University of Copenhagen Museum of Geology is the Museum of Geology on Oster Voldgade , in the north - east corner of the University of Copenhagen Botanical Garden , in Copenhagen, Denmark . Like the Botanical Garden, the museum is part of a wider range of centers owned by the Danish Museum of Natural History . The museum houses exhibits and conducts research and studies at the University of Copenhagen, with some museum staff actively involved in research around the world, for example, in Greenland
The Geological Museum was opened in 1772 as the "Universitetets Nye Naturaltheater" (New University Natural Theater) and contains samples that were kept in museum collections for over 300 years. Originally it was located in Norregad, but in 1893 the museum moved to its current building, which was recently built to house the museum.
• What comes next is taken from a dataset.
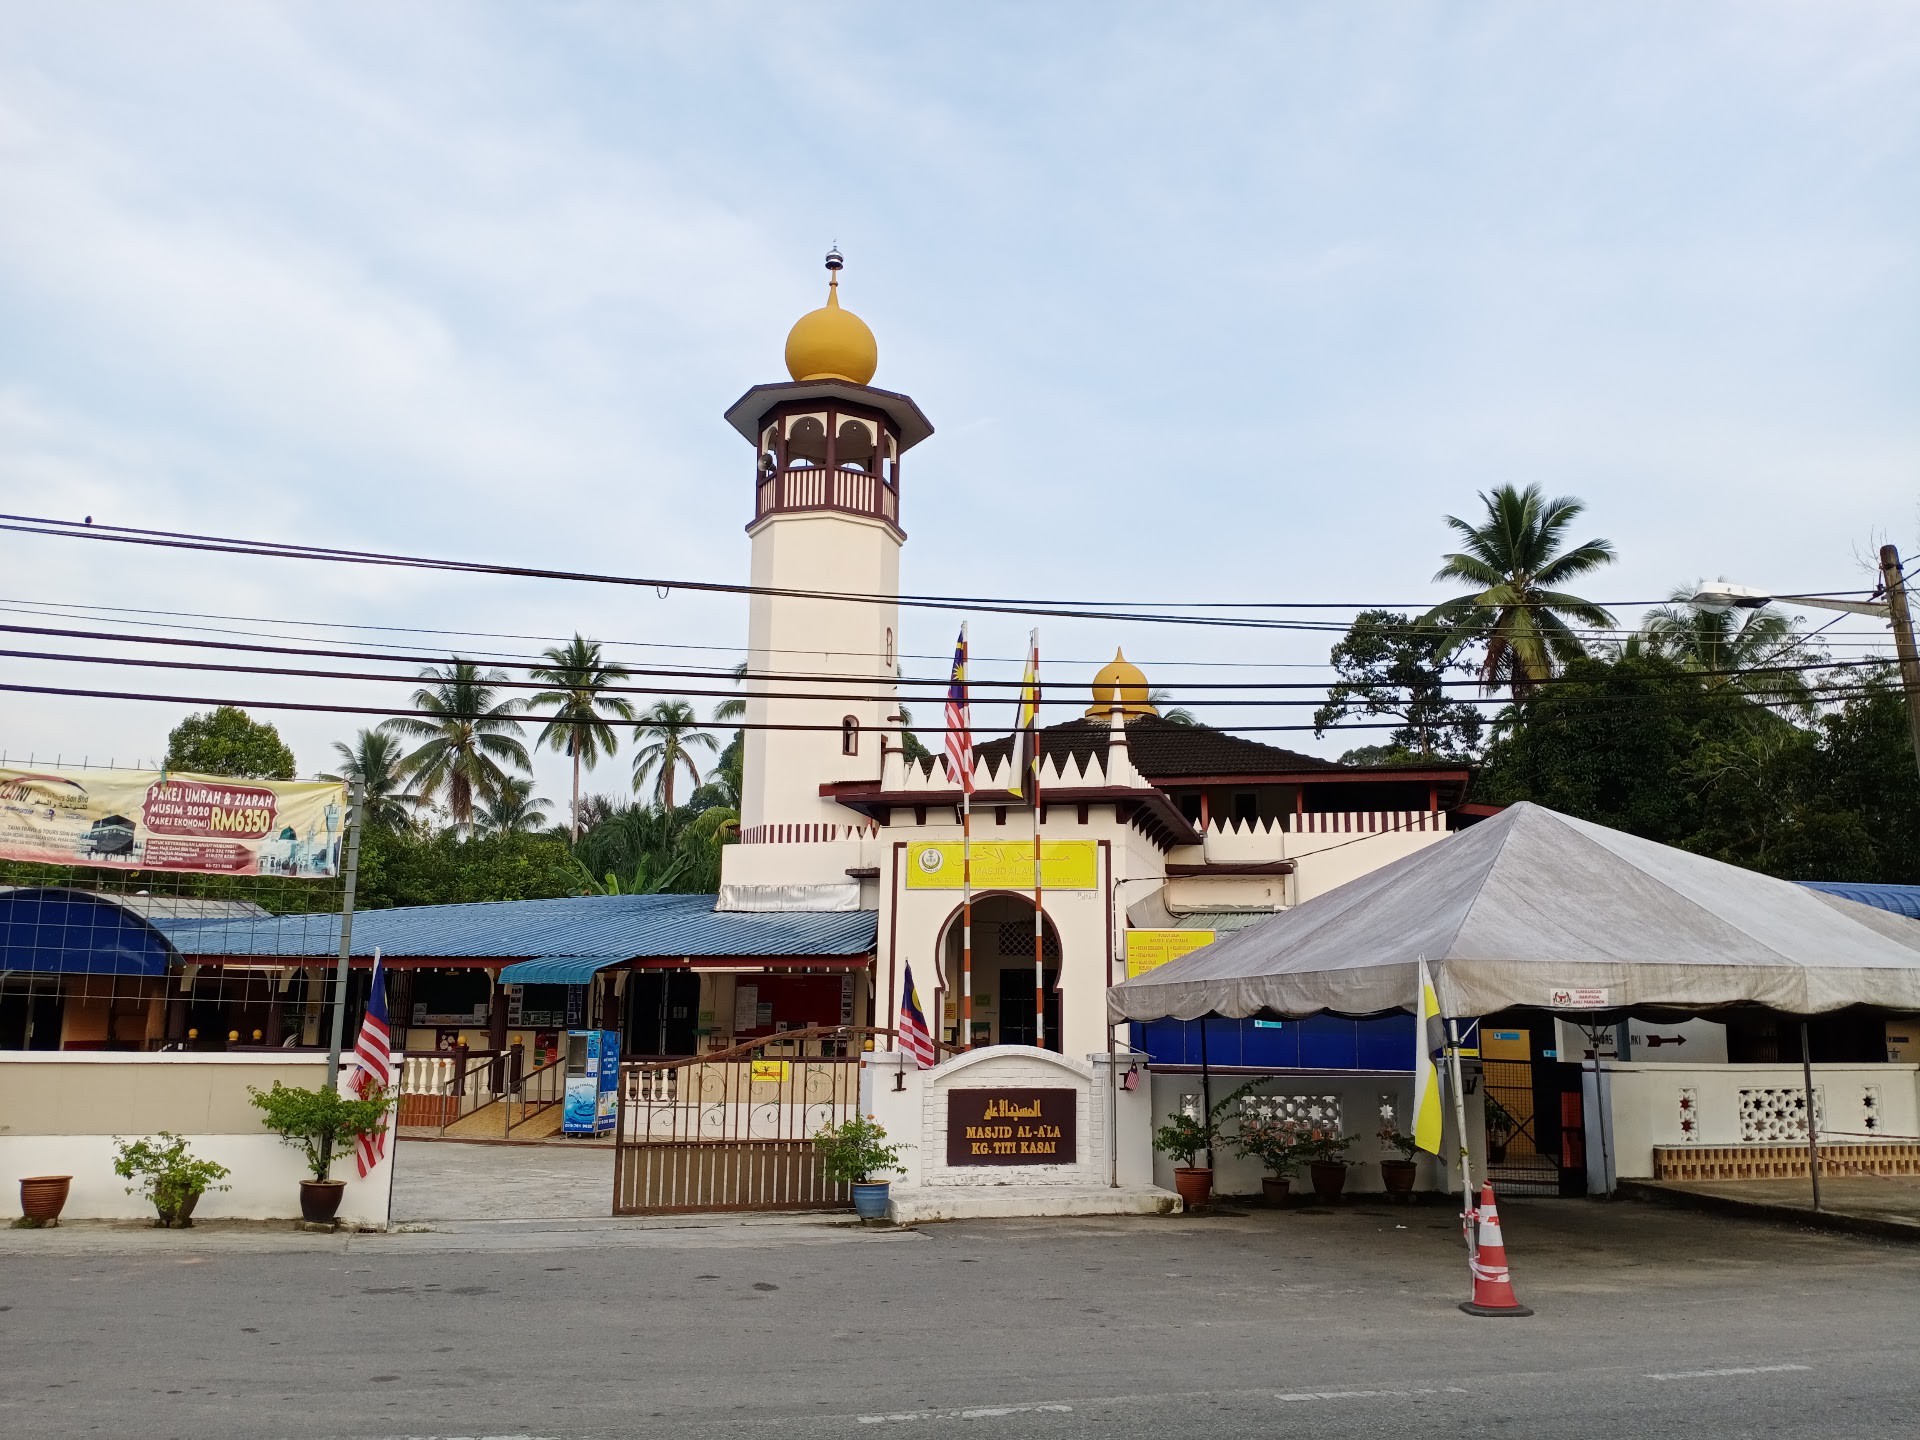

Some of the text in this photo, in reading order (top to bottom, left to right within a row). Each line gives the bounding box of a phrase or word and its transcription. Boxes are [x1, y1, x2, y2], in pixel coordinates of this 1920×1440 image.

From 1810 to 1976 the museum was called Mineralogical Museum.
Collections in the Geological Museum were created over the centuries and include large collections of minerals, fossils, petrology and meteorites.
The Geological Museum has both changing exhibitions and permanent exhibitions, such as the Minerals Exhibition, where minerals are presented in crystallochemical order, ranging from elements such as gold and silver to silicates such as feldspar and zeolites.
The Agpalik meteorite, part of the Cape York meteorite weighing about 20 tons, can be seen in the courtyard of the museum. Also on display is a small stone from the Taurus-Littrow Moon region, brought by Apollo 17 astronauts in 1972.